Removed and cleaned rear valve block - now the fluid is coming out of the dipstick???
Car has been sagging on rear left side after a few hours if left switched off.
So we removed the valve block, cleaned it quite thoroughly, put it all back together again and then tried the rodeo. But before the rodeo i made sure there was enough fluid in the tank, topped it up.
Naturally the back end of the car was nearly touching the floor, so after topping up the fluid we started it up, kept an eye on the fluid and waited for the back end to rise. It did not rise . . . . not even after 5 minutes of idling. So i hit the raise button and then it all raised, fluid went down a little bit so i topped it up again and let the car idle.
But i think i must have got a bit too ambitious filling it up because when we did the rodeo after about a minute into it the fluid started leaking out from the reservoir dip stick, quite a site that was.
Now im letting the car rest for a while but now if i start the car up and raise it with the interior button all the fluid goes down to the bottom of the tank, so i topped it up and dropped the car via the button again. All the fluid i just topped up came straight back out of the top.
So not quite sure what its doing here but somethings not right? All i know is that its better to have too much in it than to let it run to the bottom.
Shall i just do another rodeo on it as im guessing it will only leak out enough fluid from the dipstick as it deems necessary and not empty the whole system out and run the pump on air?
Will a rodeo get rid of that or do i need to locate and open a bleed valve somewhere?
Pentosin isnt the most cheapest of fluids for the car to be chucking out like that, its acting like a bad drunk thats just "barfing" out everything it takes in.
Thanks.
I had not even put half a litre back in yet before it all started spewing out again, and it must have burped that half a litre back out within minutes.

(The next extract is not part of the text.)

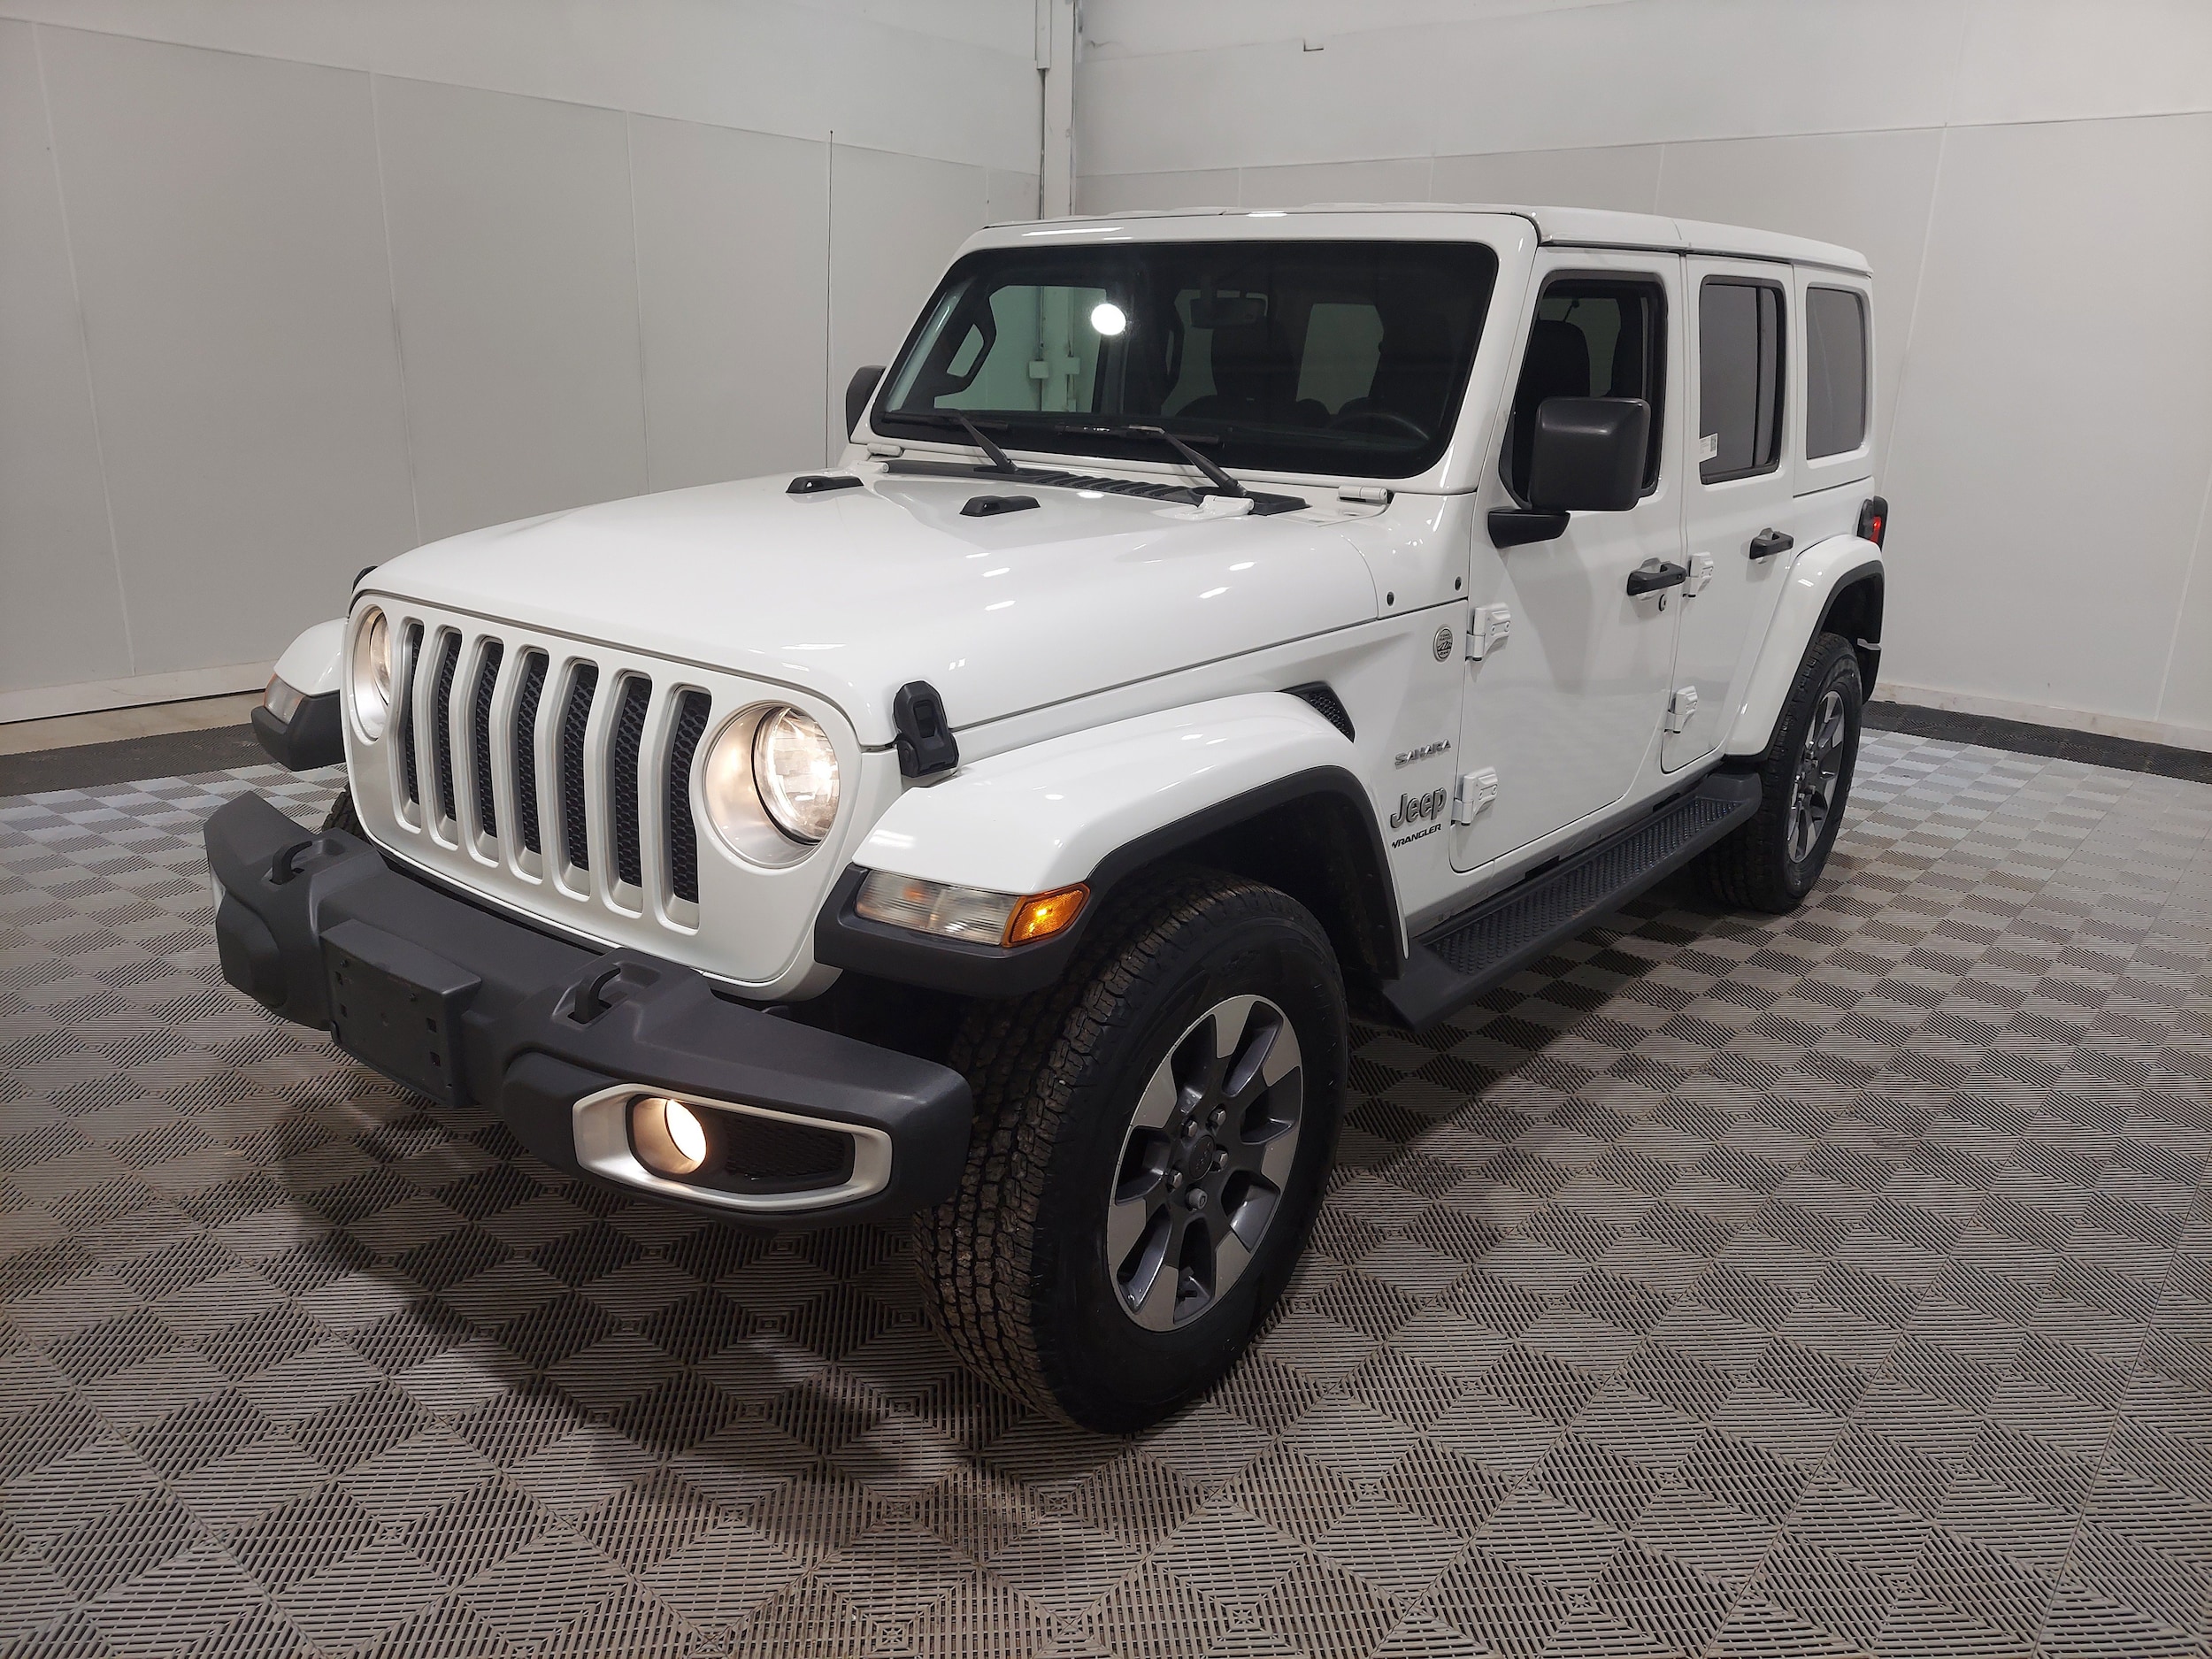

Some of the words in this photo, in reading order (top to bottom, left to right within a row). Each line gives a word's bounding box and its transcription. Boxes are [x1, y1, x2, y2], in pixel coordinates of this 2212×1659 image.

[1394, 739, 1451, 767] SAHARA
[1390, 787, 1448, 828] Jeep
[1392, 824, 1441, 849] WRANGLER
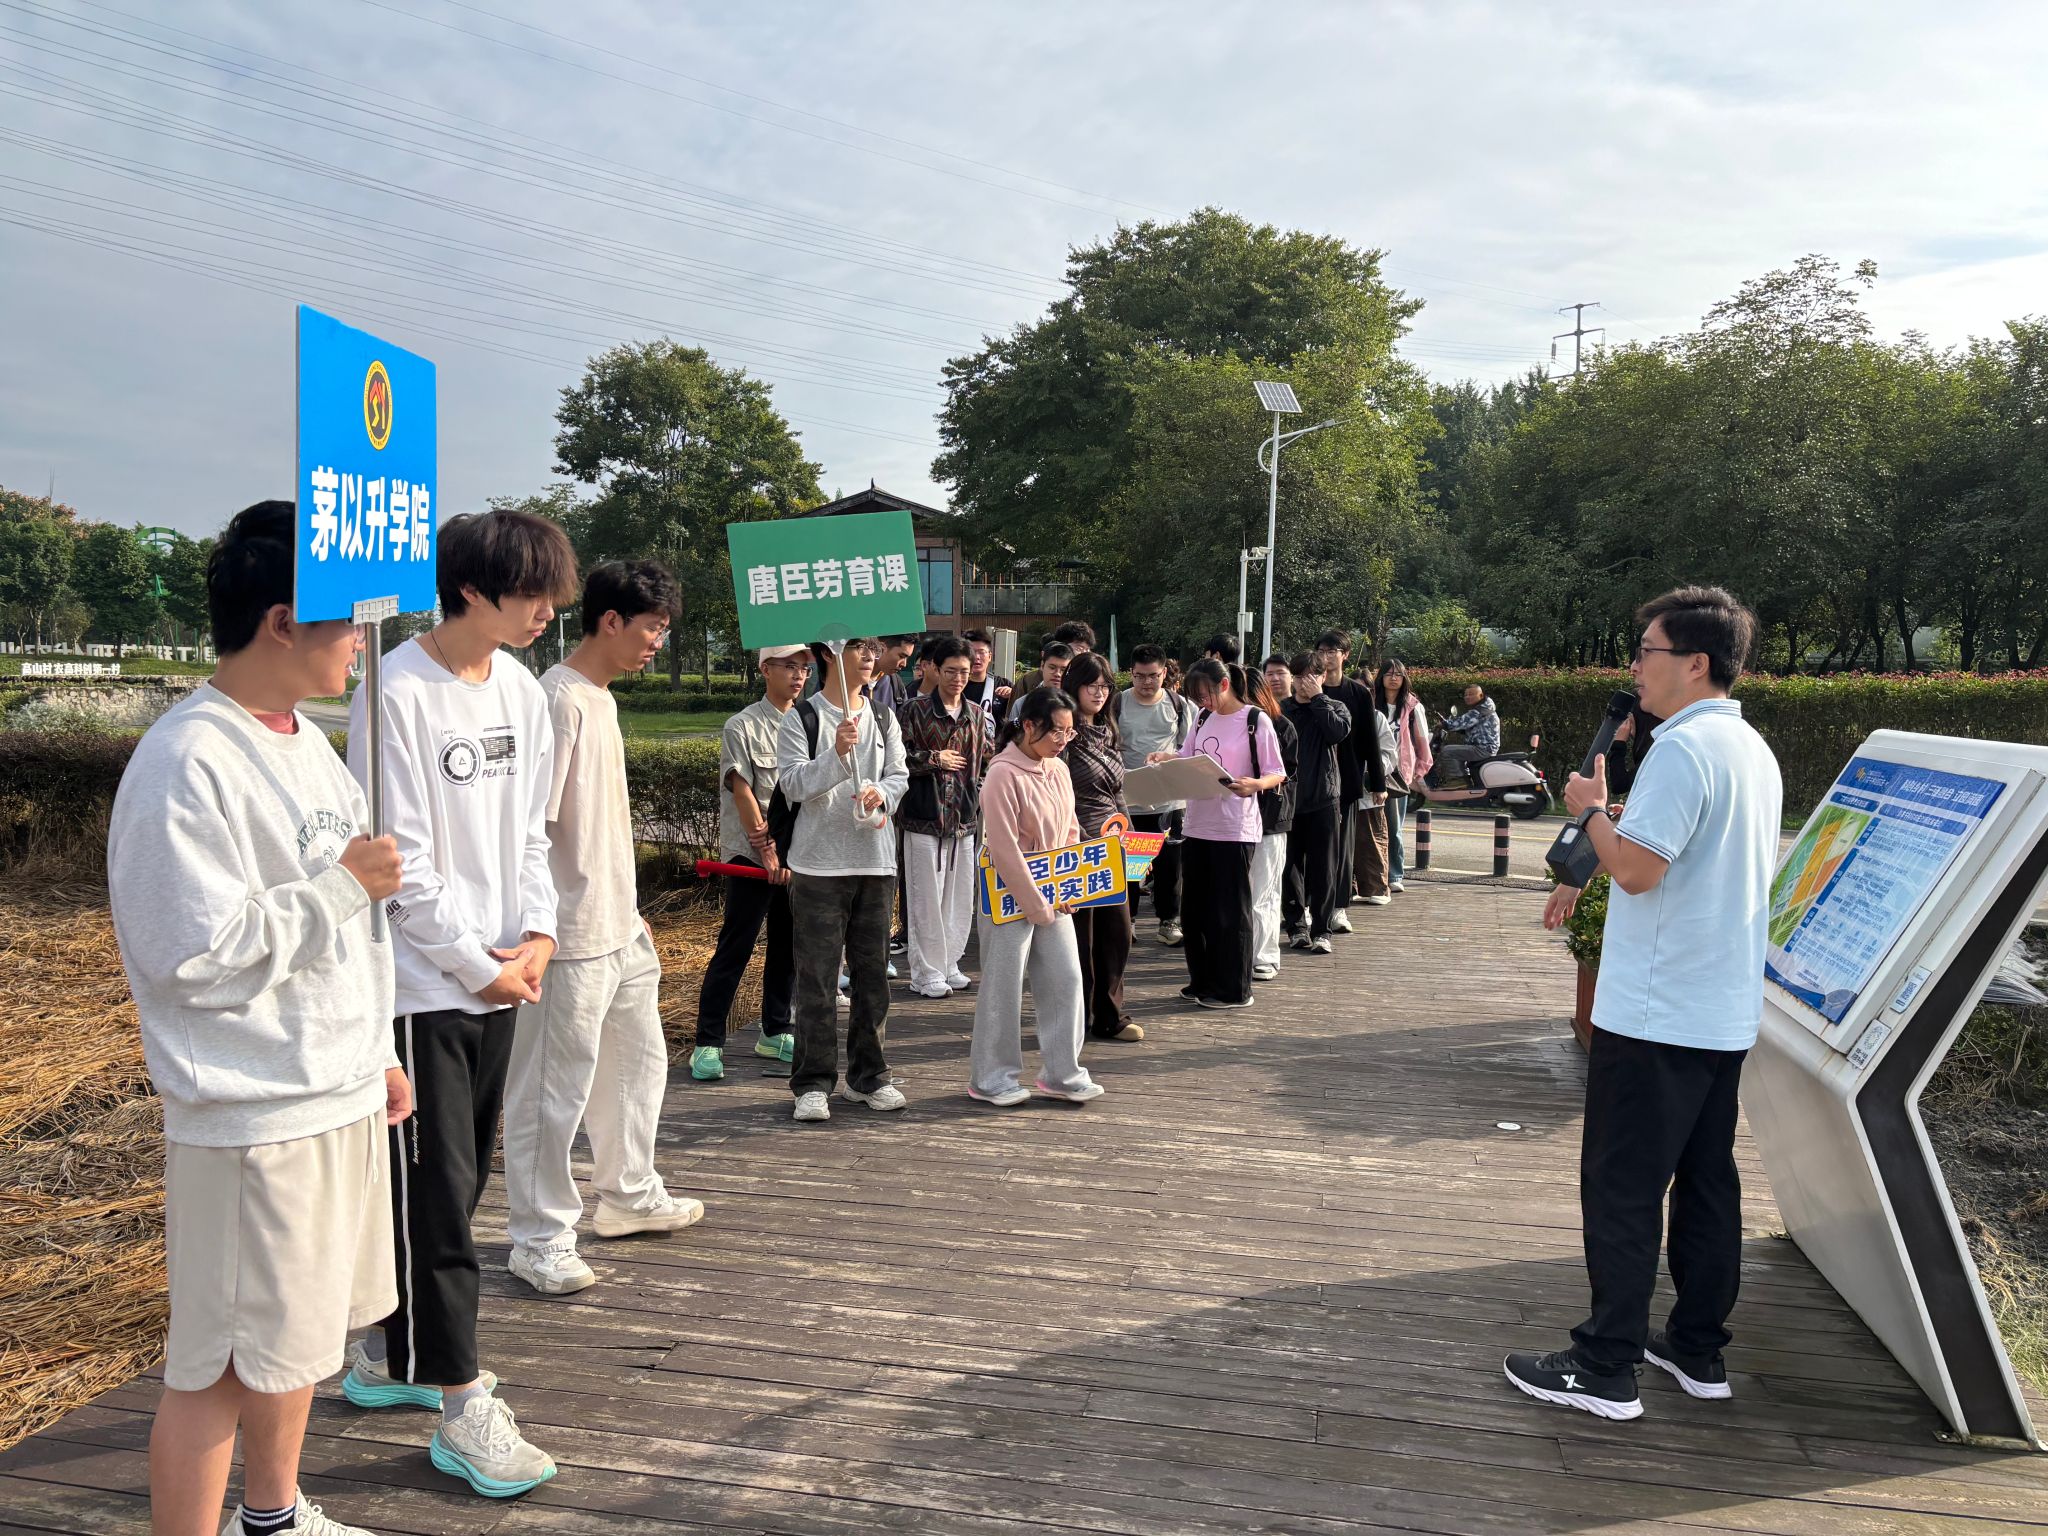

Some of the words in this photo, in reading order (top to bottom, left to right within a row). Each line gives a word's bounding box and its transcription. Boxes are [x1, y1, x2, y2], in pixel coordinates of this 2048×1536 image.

We have left the car over the pit in the High position and will see in the morning if it has sank in any corner.
Normal would be for it to sink in the rear left corner as it has been doing for a couple of weeks now.
However if its still in the high position in all 4 corners then i think the initial problem has been solved and now we will only need to rodeo it for a couple of times.
Fingers crossed it will still be in the high position.
For example, have the suspension in the High position, car idling and the fluid at the lower mark on the dipstick etc etc?
I dont want the fluid level to be too high as it will start coming out again, but yet dont want it to be too low so as to run the risk of air getting into the pump. I will be keeping an eye on the fluid the entire time the rodeo is running but just could do with a starting point?
Thanks.
Trending Topics
havnt really had a chance to drive it yet but will do later tonight.
So far its not sagged in any corner and the fluid level has not gone down either.
The Best of Mercedes & AMG
Checked the fluid level to be right between the high and low marks on the dipstick and then did the rodeo. All turned out fine, no loss of fluid this time.
Iv taken it for a 50 mile drive with no dramas and so far no error messages either, and after a couple of hours it still has not sagged.
Wont get a complete picture for a few days but i think we pretty much got it this time.
Checked the fluid level to be right between the high and low marks on the dipstick and then did the rodeo. All turned out fine, no loss of fluid this time.
Iv taken it for a 50 mile drive with no dramas and so far no error messages either, and after a couple of hours it still has not sagged.
Wont get a complete picture for a few days but i think we pretty much got it this time.
I guess by the time we stopped the rodeo after a couple of minutes most, if not all, of the air must have come out. But just as a precaution we left it standing overnight to see what it would do.
The system WILL self purge but air will only come out when the suspension is being raised or lowered. It wont do anything if its just left to stand.
Have a look at this thread below which will assist you with pictures. But if you get stuck let me know. Just be very careful not to break the plastic clips that hold the valves in place, they are relatively cheap at about $10 each and theres only 2 in there . . . . . . only down side is that they come in a pack of 20. So if you break one, thats automatically $200

https://mbworld.org/forums/cl55-amg-...ock-today.html
Have a look at this thread below which will assist you with pictures. But if you get stuck let me know. Just be very careful not to break the plastic clips that hold the valves in place, they are relatively cheap at about $10 each and theres only 2 in there . . . . . . only down side is that they come in a pack of 20. So if you break one, thats automatically $200

https://mbworld.org/forums/cl55-amg-...ock-today.html
But to be honest, after having done a few jobs on it, its not as scary as people make it out to be. As a matter of fact so far its been relatively simple and straight forward. I usually tend to do my research on the subject first and if i find a thread with pictures on useful forums such as this then that makes life a hell of a lot easier.
We had allocated about 4 hours to remove, clean and re-install the rear valve block as we like to take things easy on this system. I think we must have been re-installing it in about 2.5 hours. And if we had to do it again i reckon we could do it within 1.5 hours.
Important lesson here - even if you are a full time mechanic, if you've never worked on ABC before, always always allocate extra time and always TAKE your time. You make a mistake by rushing it and it could be a very costly mistake indeed. Theres never any rush with ABC.